Ellie needs help from her sister
Sara and her little sister Ellie are home alone when a big storm makes the power go out. It’s getting dark, and Ellie is afraid. Sara knows that even a small light would comfort Ellie but, unfortunately, their flashlight doesn’t work. However, Sara recently learned how to make a battery in science class and, even better, she still has some LEDs from that class in her backpack! In science class, they made lemon batteries, but Sara remembers that her teacher said that potatoes might also work. After a quick search, she’s found everything she needs. Can she put the pieces together to light up the LED and keep Ellie from being afraid?
A picture like the one below is a good example of something that used to intimidate me (and sometimes still does). However, instead of feeling like I am about to drown, now I just think of the potatoes in the experiment above.
Look closely at the 7-segment display plugged into the breadboard above (only three of the seven segments are lit up). Each segment is like a single LED from Sara and Ellie’s nightlight project above. One wire is connected to one LED segment on the display. The picture above is like setting up seven potato battery experiments, one potato battery experiment for each LED segment on the display.
However, in the potato battery experiment, I had to clip and unclip the wires to make the LED turn on and off.
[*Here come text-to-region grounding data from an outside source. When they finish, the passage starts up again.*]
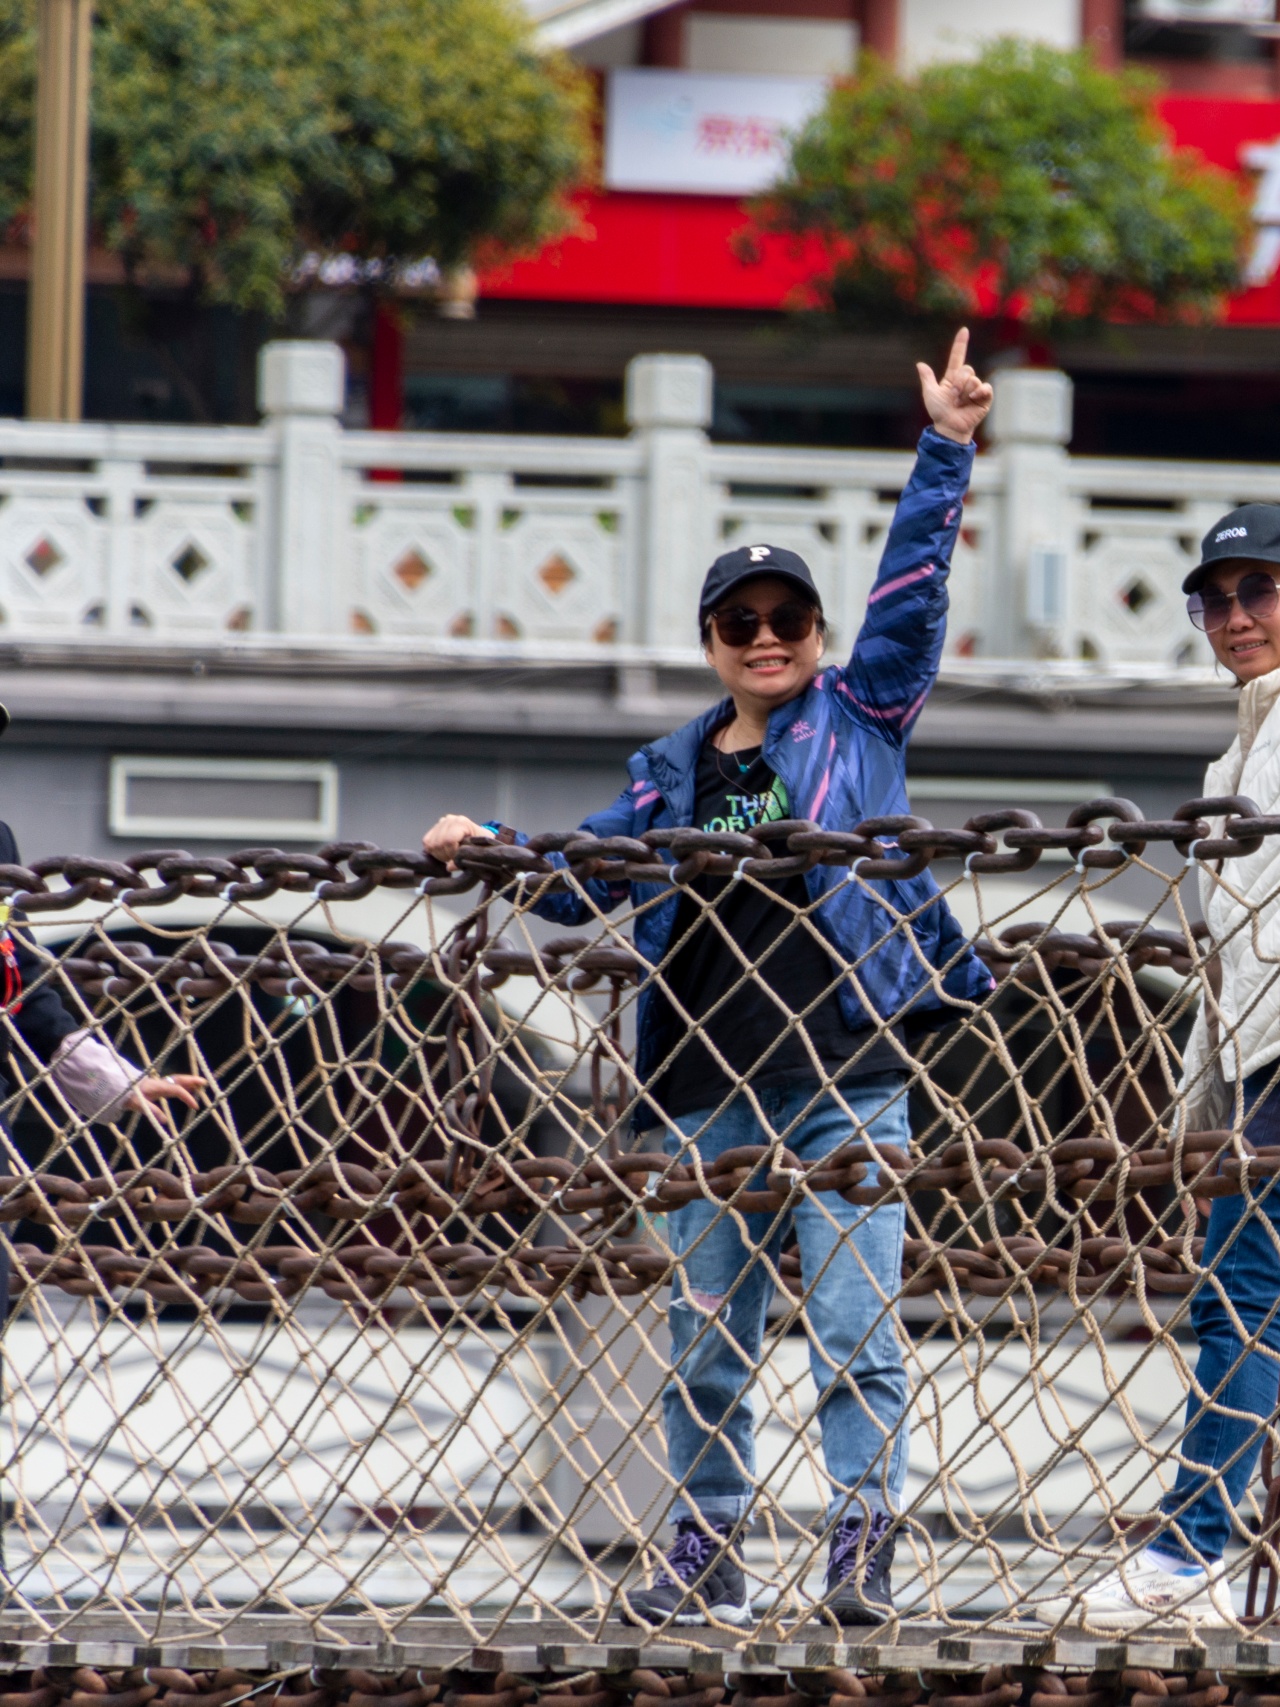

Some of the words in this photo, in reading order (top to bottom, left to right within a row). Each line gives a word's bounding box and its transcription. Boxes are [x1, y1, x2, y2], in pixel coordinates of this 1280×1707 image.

[749, 546, 771, 561] P
[726, 793, 767, 816] TH
[703, 808, 759, 833] ORT
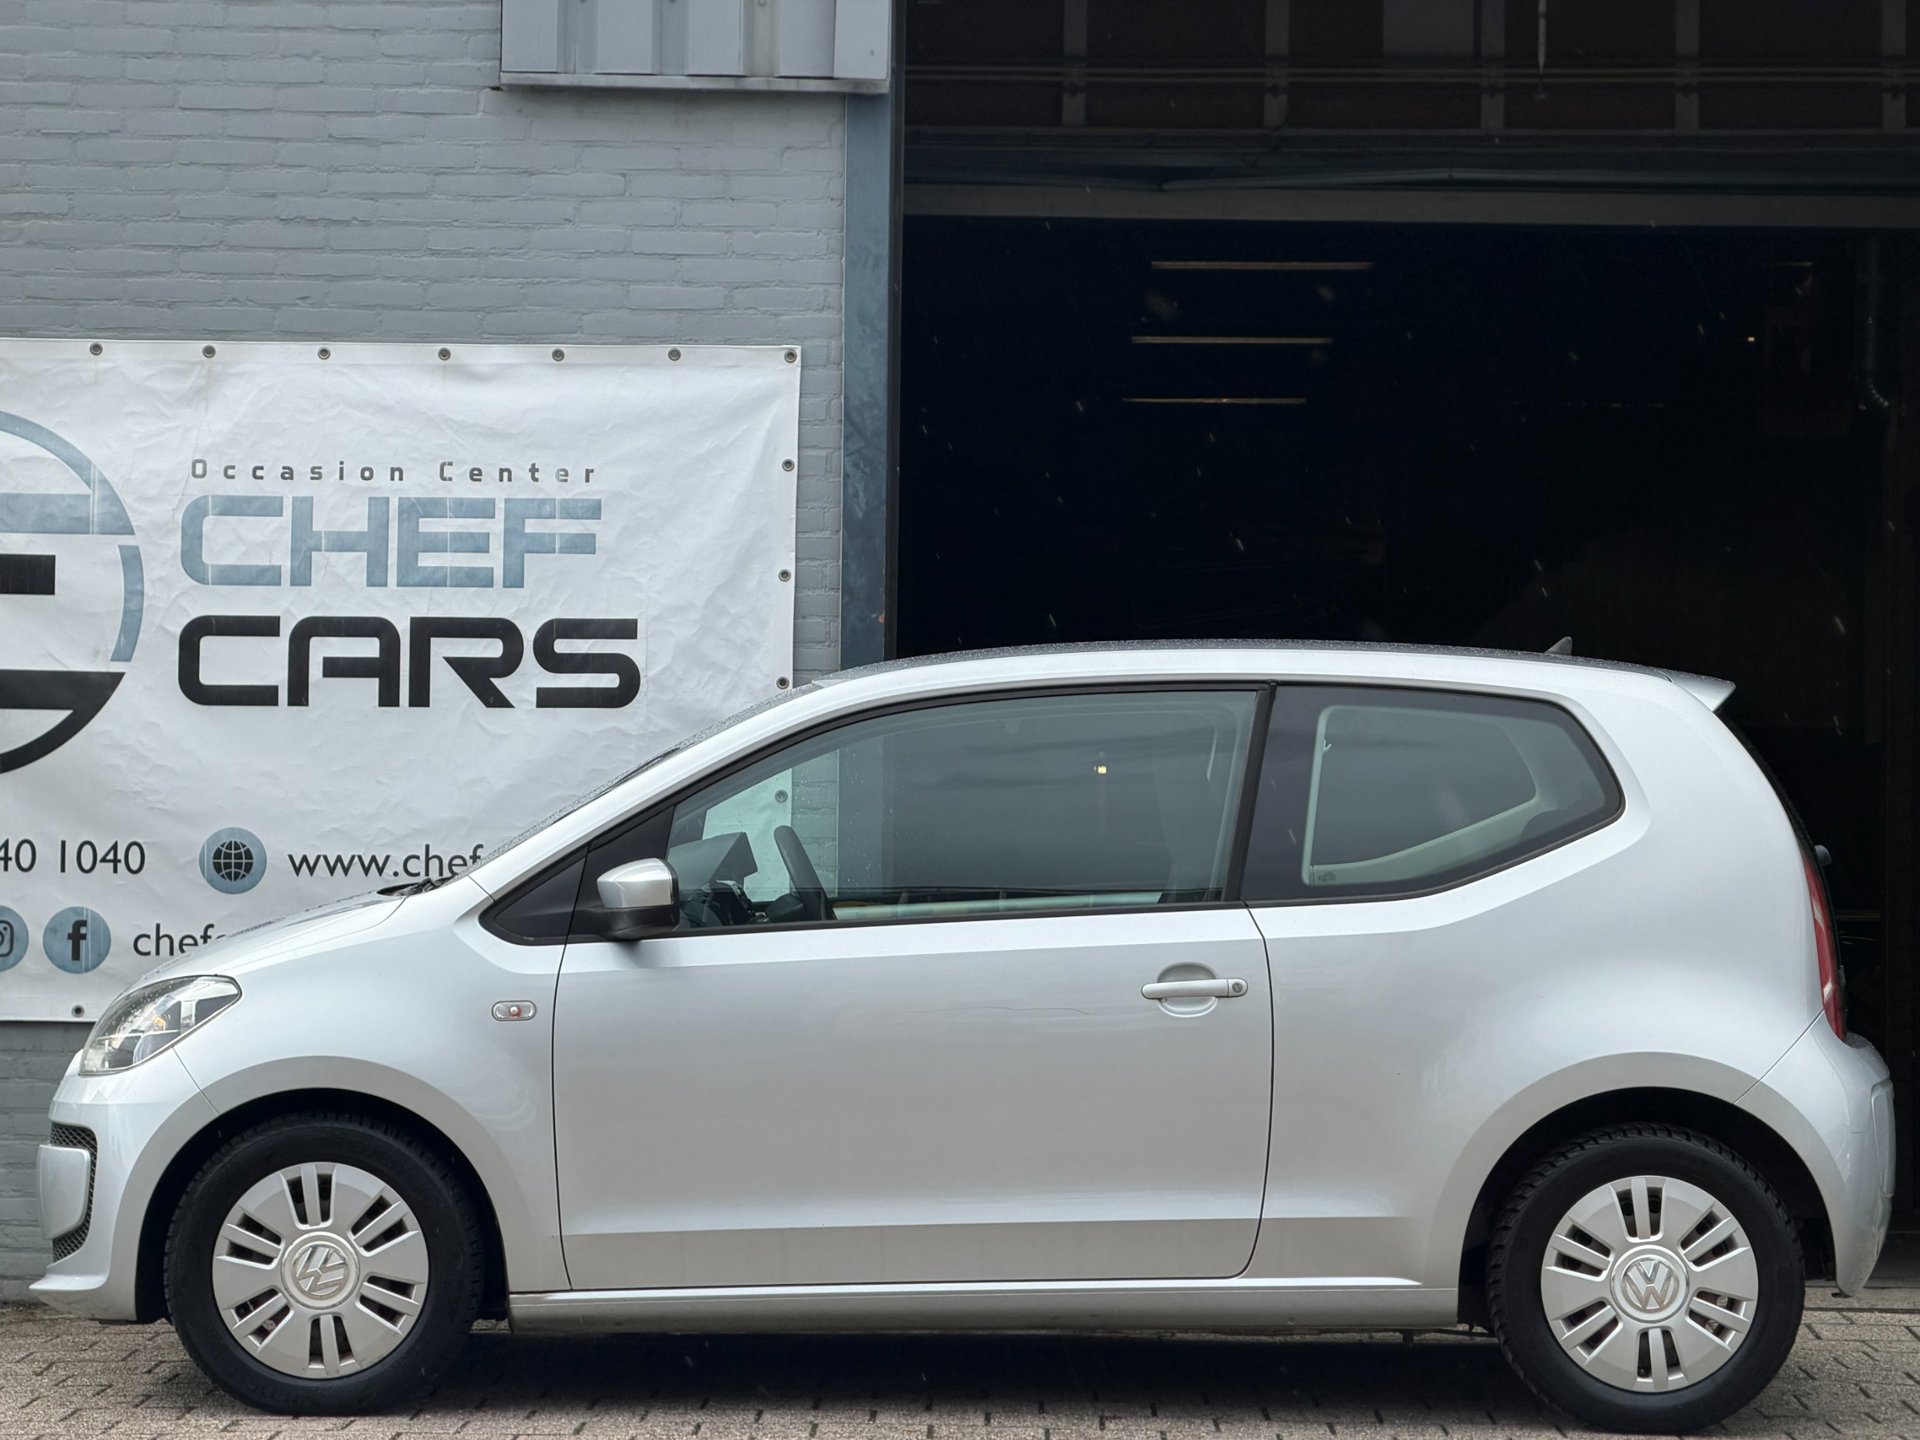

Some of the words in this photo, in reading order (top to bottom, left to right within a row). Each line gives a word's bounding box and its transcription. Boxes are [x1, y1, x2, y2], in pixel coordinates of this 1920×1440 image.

[191, 458, 405, 482] Occasion
[439, 460, 596, 483] Center
[180, 495, 602, 589] CHEF
[178, 615, 641, 709] CARS
[60, 839, 146, 875] 1040
[133, 922, 227, 956] chef
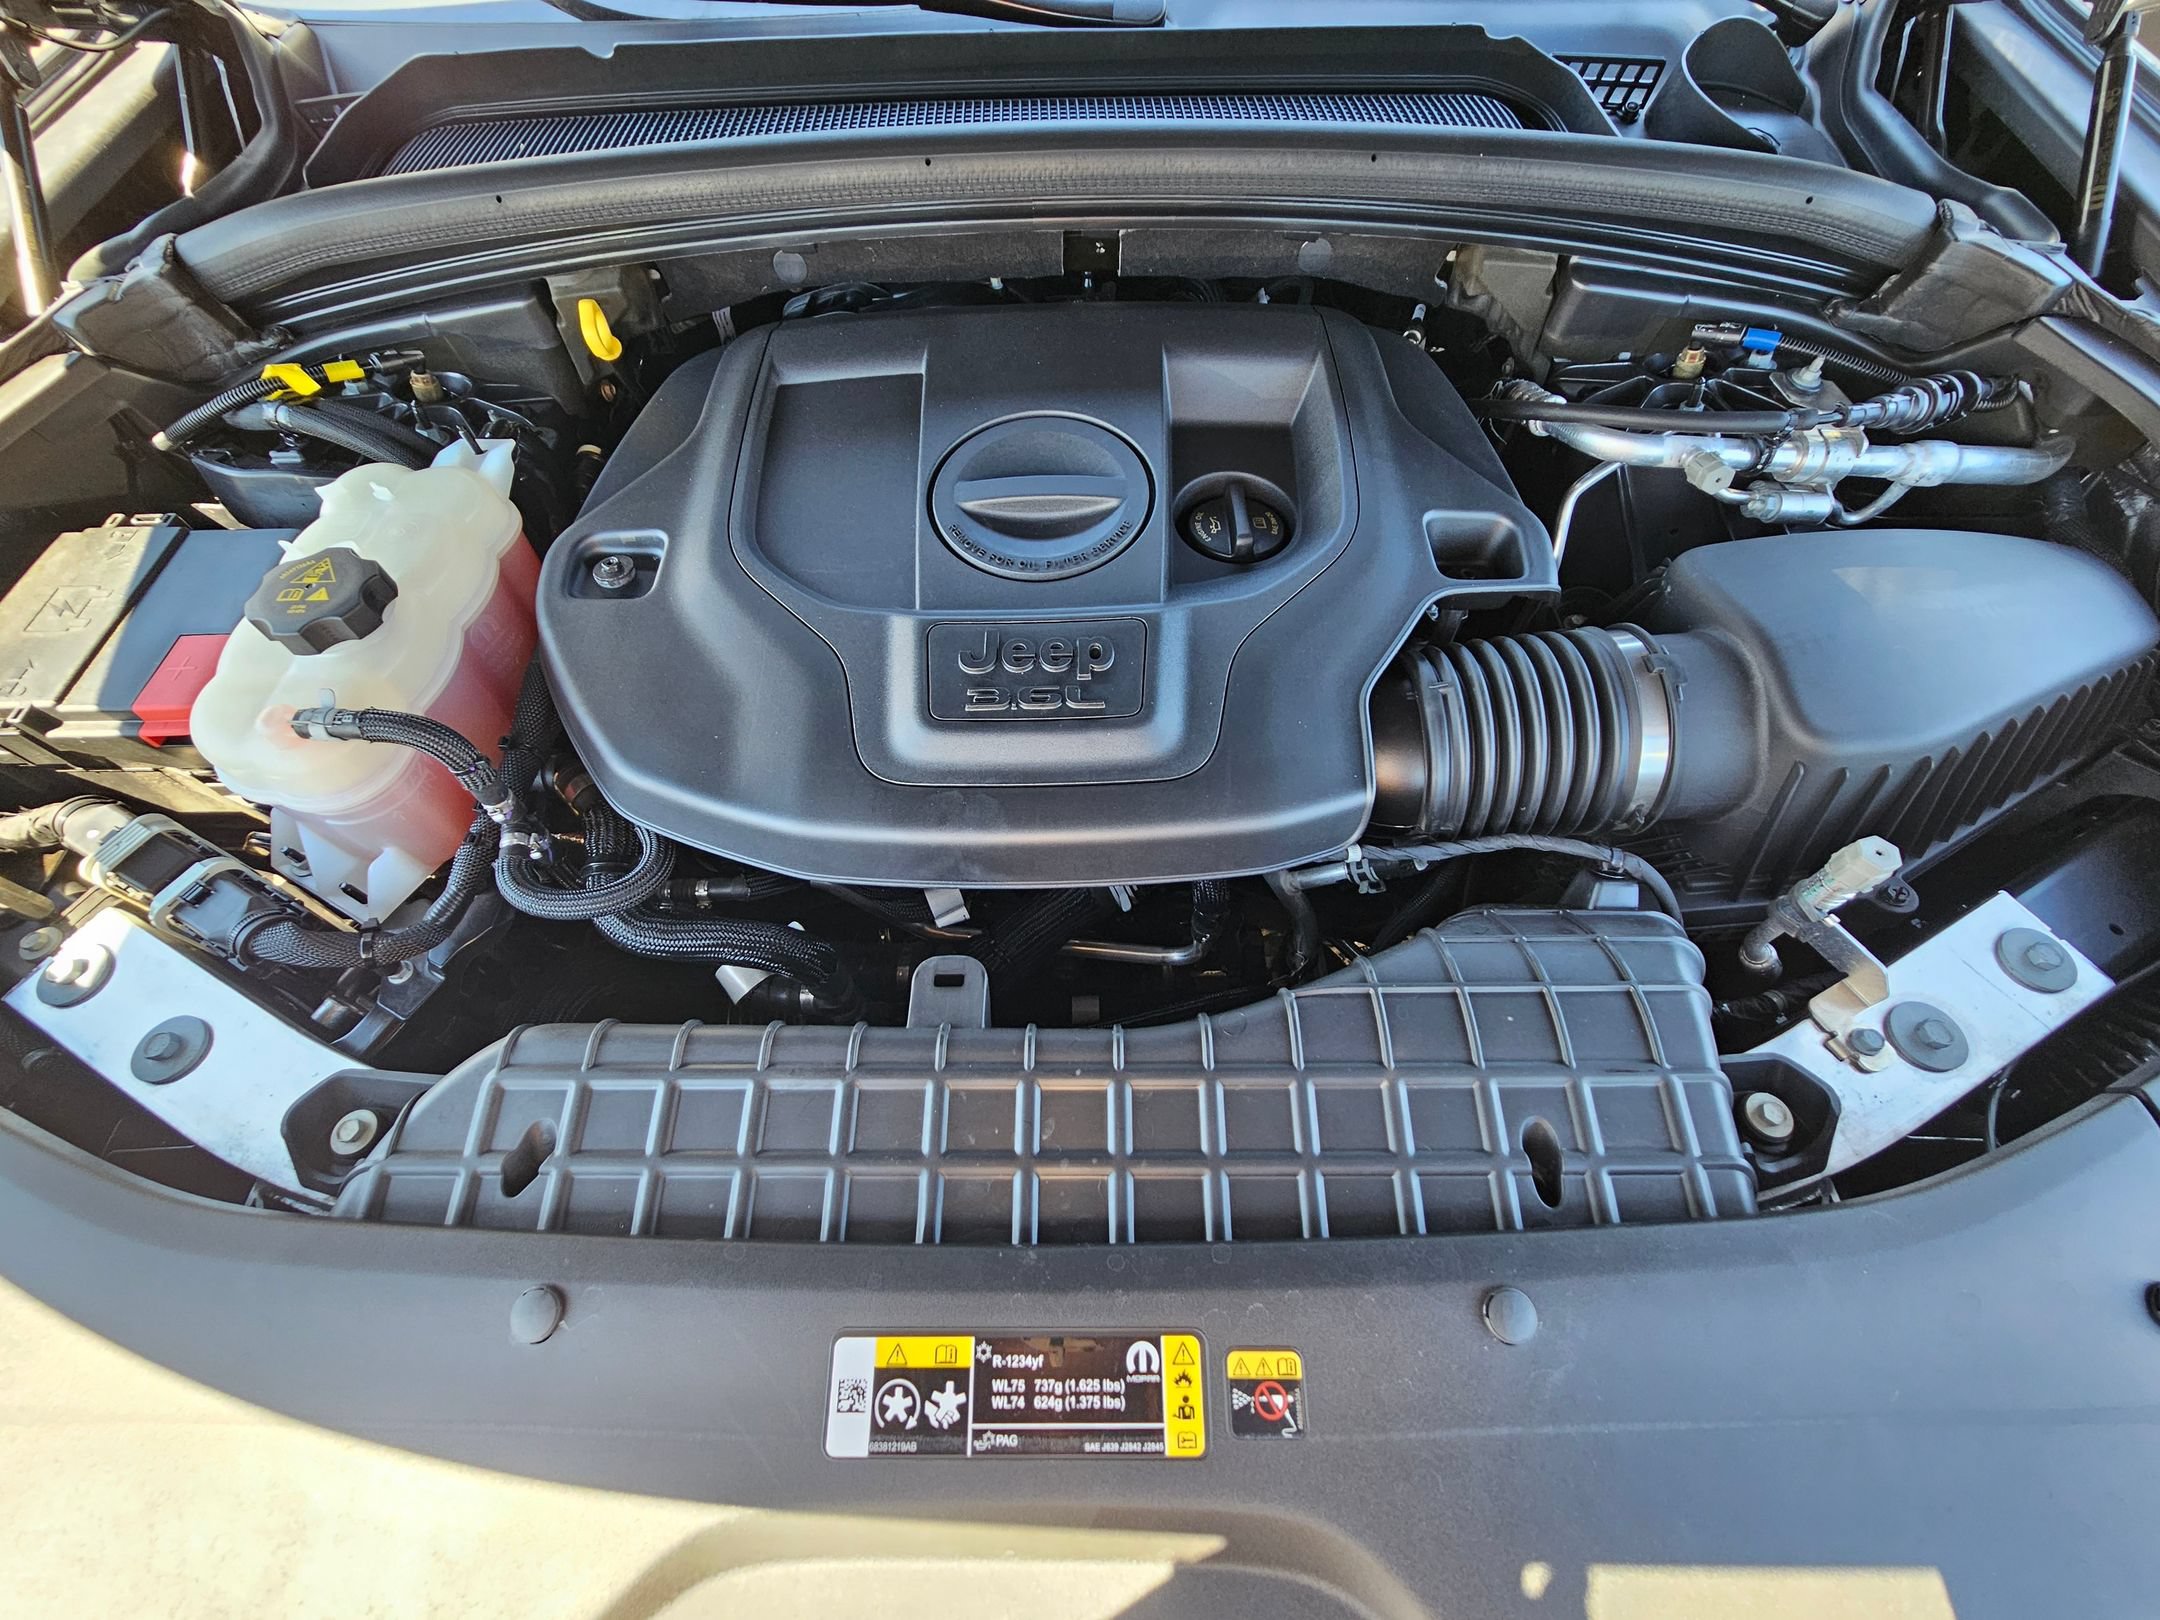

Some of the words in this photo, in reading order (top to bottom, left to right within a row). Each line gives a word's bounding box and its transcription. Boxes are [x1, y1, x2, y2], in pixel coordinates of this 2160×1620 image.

[948, 524, 987, 558] REMOVE
[989, 553, 1014, 567] FOR
[1018, 560, 1040, 571] OIL
[1044, 552, 1089, 570] FILTER
[1091, 520, 1133, 557] SERVICE
[958, 628, 1115, 681] Jeep
[965, 685, 1106, 712] 3.6L
[992, 1354, 1044, 1371] R-1234yf
[991, 1378, 1026, 1393] WL75
[1034, 1378, 1063, 1395] 737g
[1065, 1378, 1101, 1395] (1.625
[1103, 1377, 1126, 1395] lbs)
[991, 1395, 1026, 1410] WL74
[1033, 1395, 1063, 1412] 624g
[1065, 1395, 1101, 1412] (1.375
[1103, 1395, 1126, 1412] lbs)
[996, 1433, 1018, 1448] PAG
[1084, 1442, 1101, 1453] SAE
In this set up, I can write code to turn the LED segments on and off. The 7-segment display stays wired up, and my code turns the lights on and off.
Bridging potatoes and 7-segment displays
Going from potato-powered LEDS to programming 7- segment displays isn’t as big of a leap as you might think.
You can start by plugging your potato-battery into the computer using a micro:bit and measuring the voltage of your potatoes using MicroBlocks.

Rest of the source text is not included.